The Little Beach sunbathers had a friend in District Court Judge John Vail, who threw out a number of arrests of women for topless sunbathing
Vail ruled that baring only your breasts didn't meet the definition of nudity. He rejected other cases after ruling that Little Beach was not easily accessible to the public and, therefore, nudity at the beach was not likely to be observed by those who would be affronted or alarmed.
In response, authorities proposed a staircase over the bluff that leads to Little Beach, but that proposal never came to fruition.
State gets involved
When police attempts to enforce the law were stymied, the state Department of Land and Natural Resources stepped up enforcement of a law barring nudity at state parks. By that time, the area had become Makena State Park.
Rowley was singled out, arrested and convicted in a trial, but the case was appealed to the Hawai'i Supreme Court, which struck down the conviction in 1989 on a technicality: The justices determined the state had failed to hold a full public hearing during the development of its park rules.
The state eventually developed new rules, but by then Tavares' time in office was ending and the political winds had shifted, said Anthony Ranken, an attorney who represented many of those arrested at Little Beach in the 1980s.
The 1990s were relatively peaceful years for the nude sunbathers, with authorities choosing to look the other way. Rowley moved to Las Vegas, and another Little Beach regular, Tom Collins, took over as head of the Friends of Little Beach.
Dick Hyers, a board member, said the beach today exists in a harmonious confluence of groups that include new-styled hippies, gays, tourists and "your average Joe Blows, 35 and up, married with children, taxpayers and business owners.''
On Sundays, the hippies throw a large sunset celebration featuring a circle of drums and other instruments. The dancing continues into the night.
A gathering place
The Friends of Little Beach is still going strong, with members enjoying holiday potlucks in addition to socializing on the beach .

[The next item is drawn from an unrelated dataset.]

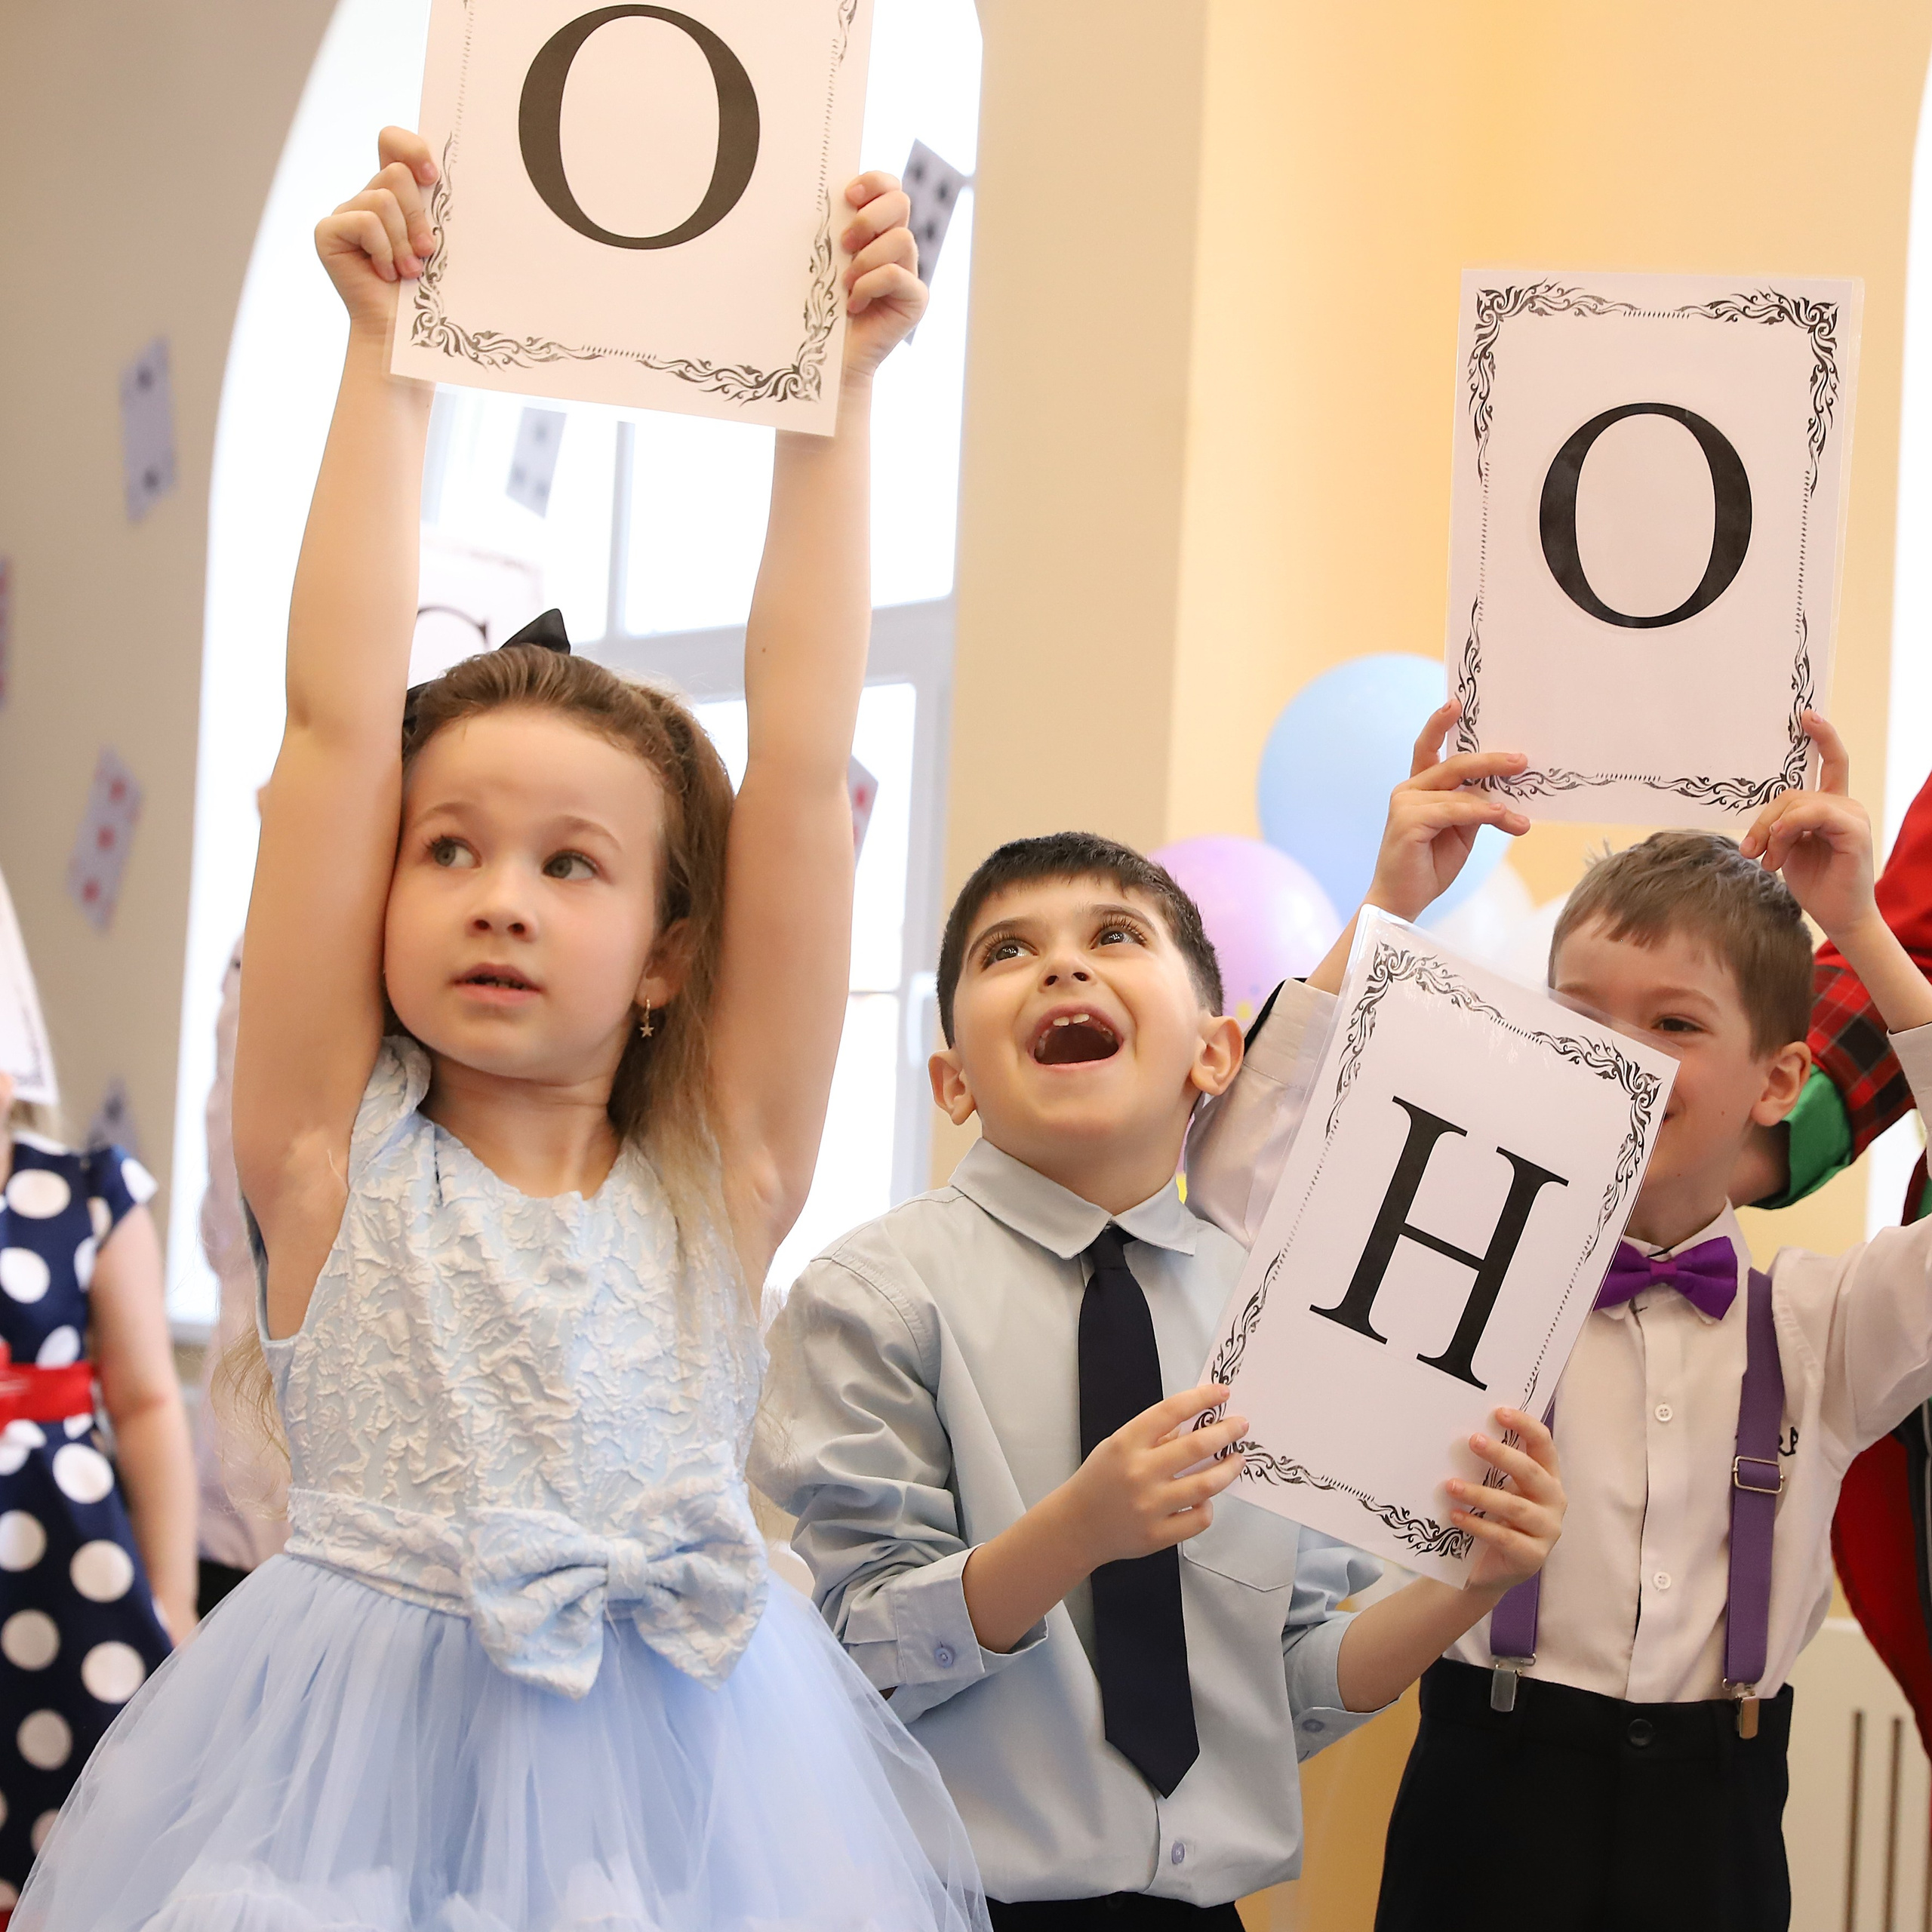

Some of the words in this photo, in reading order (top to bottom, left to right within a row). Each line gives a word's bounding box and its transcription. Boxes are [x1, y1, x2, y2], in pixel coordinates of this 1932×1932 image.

[518, 4, 761, 251] O
[1539, 402, 1753, 629] O
[1309, 1095, 1570, 1392] H

Hyers said he has made friends with hundreds of visitors who return year after year to a place known internationally as one of the top nude beaches in the world. There's a group of 10 to 20 couples from all over North America, for example, who meet on the beach every February.
Hyers said the beauty of Little Beach is the complete lack of social barriers. With no clothes to indicate social status, there is nothing to separate rich industrialists or high-powered surgeons from waiters or cab drivers. They're all just as naked.
After a decade of tranquility, however, conflict over the practice of nude sunbathing has emerged again. Native Hawaiian representatives on a committee convened by the state to make recommendations on a master plan for Makena State Park have been pushing for limits.
Maxwell, the former policeman who arrested nude sunbathers on Little Beach years ago, has filed a complaint asking authorities to enforce the nude sunbathing ban.
He said nudity is offensive to most Native Hawaiians and has prevented them from using the beach.
Maxwell, a cultural specialist, said ancient Hawaiians weren't nude unless they were procreating, and that's why Native Hawaiians today object to public nudity.
However, there are historical accounts — including those presented by Gavan Daws in his history of the Hawaiian Islands, "Shoal of Time" — that indicate nudity did exist before the missionaries arrived.
Maxwell said nude sunbathing amounts to another Western confiscation of land from Native Hawaiians.
"Why has your department enforced laws on kanaka maoli (Native Hawaiians) camping on the beach, and homeless people in Kanaha were evicted for camping on the beach?'' he wrote to authorities. "Yet these people in Makena are blatantly breaking the law and denying us the use of this beach.''
Officials said recent court rulings have thrown a cloud over enforcement.
Clarification may be needed from the state attorney general before action against nude patrons of Little Beach could begin again.